Sembrerebbe tutto estremamente retorico, ma c’è poco da fare: la retorica, e quindi la persuasione, sono l’alimento e lo sterco di quella figura sbilenca che è lo scrittore. Ciò non toglie che se ne possano ricavare linee guida da applicare nell’azione politica, nel consenso che nasce dalla giusta percezione e dalla riflessione.Attraverso l’articolo sopra, possiamo consigliarti gli abiti più recenti. Acquista abiti in una varietà di lunghezze, colori e stili per ogni occasione dei tuoi marchi preferiti.

Quali, in questo passaggio storico? Eccole: è necessario aspirare e mirare e contribuire alla legittimazione della libera circolazione di Stato in Stato; bisogna giungere a concedere visti a chiunque li chieda; è imperativo impegnarsi a ribaltare la narrazione del potere che gonfia il consenso, nutrendolo di ignoranza e, quindi, di dispercezione. Sono richieste massimaliste? È il minimo. È la legge progressiva e non sarà possibile fermarne l’evoluzione, che da innaturale si fa naturalissima.

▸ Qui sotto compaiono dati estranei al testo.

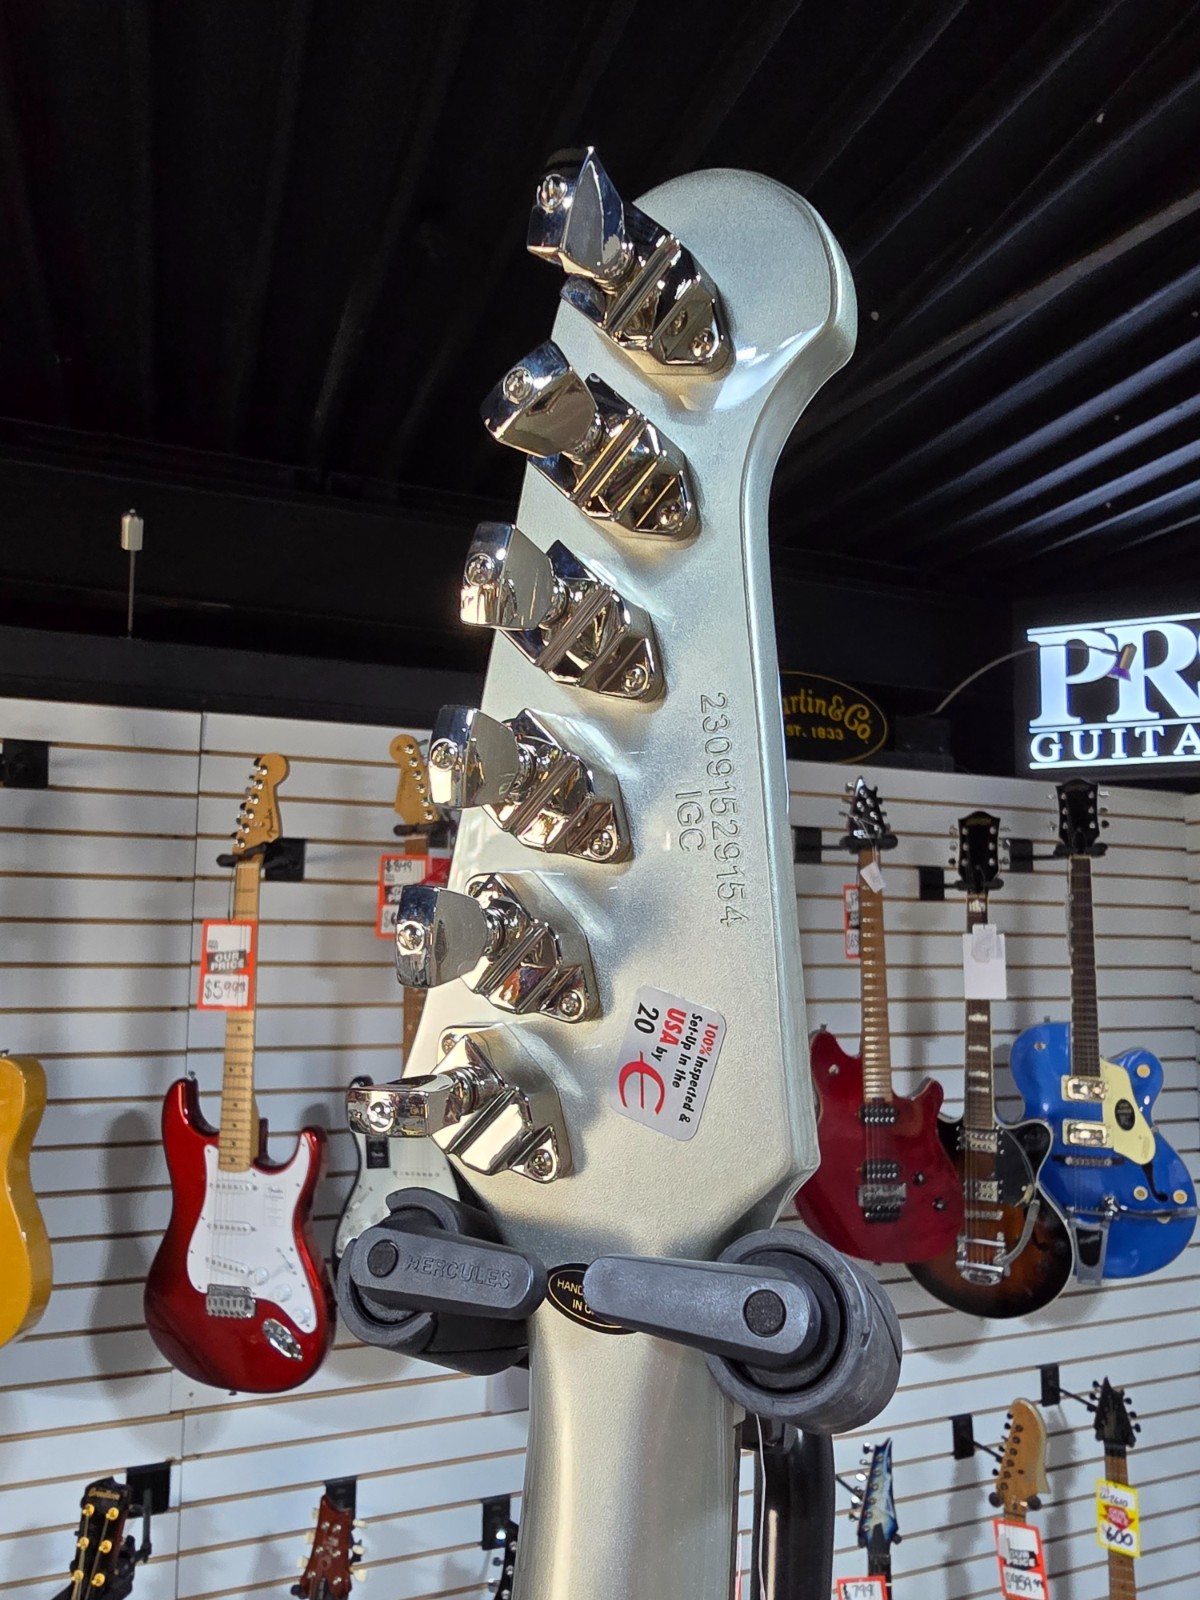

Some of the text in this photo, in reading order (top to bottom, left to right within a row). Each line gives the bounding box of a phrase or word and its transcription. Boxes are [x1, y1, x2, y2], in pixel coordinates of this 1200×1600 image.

[1027, 622, 1200, 727] PR
[785, 724, 845, 741] ST. 1833
[675, 790, 707, 852] IGC
[700, 692, 750, 928] 23091529154
[634, 1002, 660, 1034] 20
[651, 1007, 687, 1062] USA by
[672, 1013, 703, 1089] Set-Up In the
[678, 1023, 719, 1124] 100% Inspected &
[404, 1256, 513, 1290] HERCULES
[572, 1299, 583, 1311] IN

Libertà di circolazione, uguaglianza di tutti rispetto alla cittadinanza universale, maturazione dei conflitti impliciti nel progresso storico, abolizione delle paure tramite un innalzamento delle quote di cultura sociale e di educazione alla riflessione. È un programma politico, ciò significa che è realizzabile. È difficile da realizzare? Certamente – e dunque?

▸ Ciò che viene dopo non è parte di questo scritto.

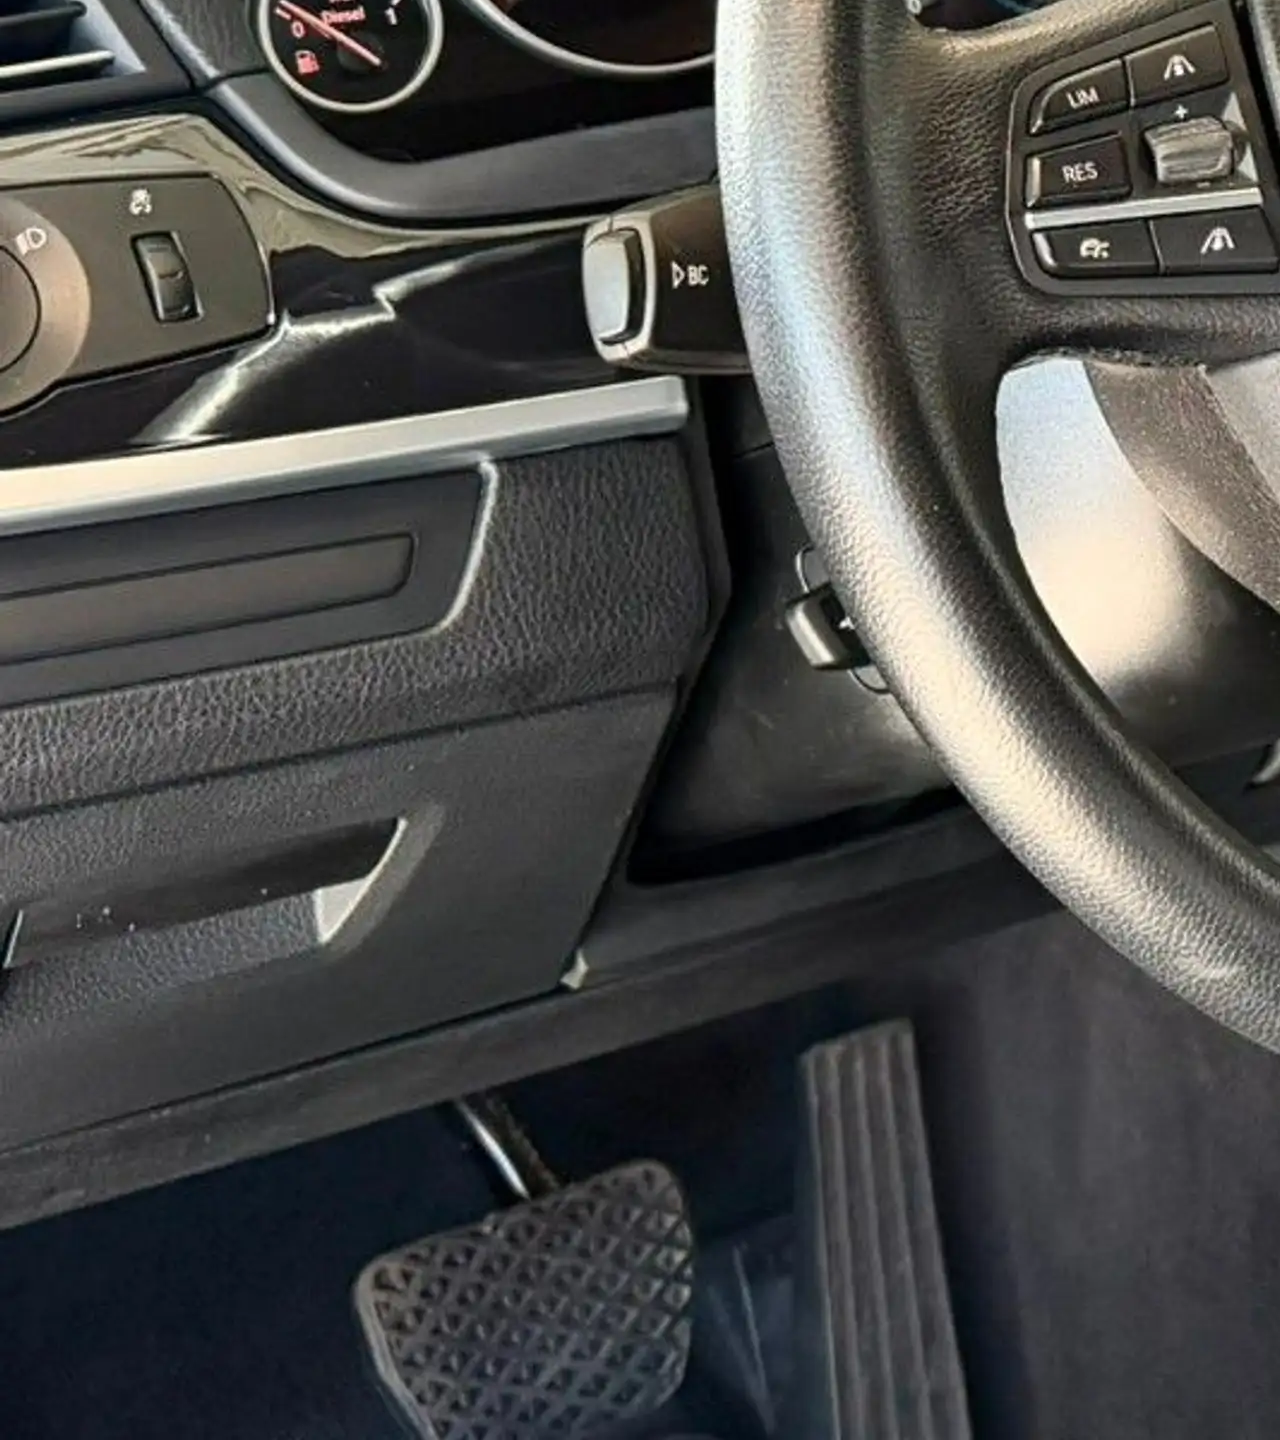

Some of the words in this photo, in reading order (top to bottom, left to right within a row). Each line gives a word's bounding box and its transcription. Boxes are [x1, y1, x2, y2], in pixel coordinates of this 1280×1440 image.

[384, 5, 398, 26] 1
[291, 20, 306, 40] 0
[1065, 85, 1100, 111] LIM
[1061, 161, 1100, 185] RES
[687, 263, 710, 287] BC

Occorrerà citare uno scrittore molto meno enfatico di Victor Hugo, ma ugualmente capace di perpetrare la propria letteratura come antivirus al male sociale, il quale altro non è che una spoglia di un male ben più assolutistico e imprendibile e, soprattutto, mai banale. È Franz Kafka. Non è semplice desumerne un progressismo, ma è possibile trarne una lezione per coloro che riportarono alla frontiera quei profughi, fratelli miei, vostri, di tutti, dispersi. Nel capitolo ultimo del suo romanzo incompleto Amerika, che inizialmente portava non per caso il titolo “Il disperso”, il protagonista, un ragazzo compìto proveniente dall’Europa, si trova espulso nel ventre nordamericano, fino a incontrare un sorprendente circo itinerante: si chiama Teatro Naturale di Oklahoma, chiunque può aspirare a esservi assunto e a condurre una vita all’altezza di ciò che sente e desidera. Il protagonista kafkiano si imbarca in questa patria universale e nomade, registrandosi all’anagrafe circense, pur privo dei documenti di identità. Gli chiedono, sulla fiducia, il suo nome e lui risponde questo: «Mi chiamo Negro».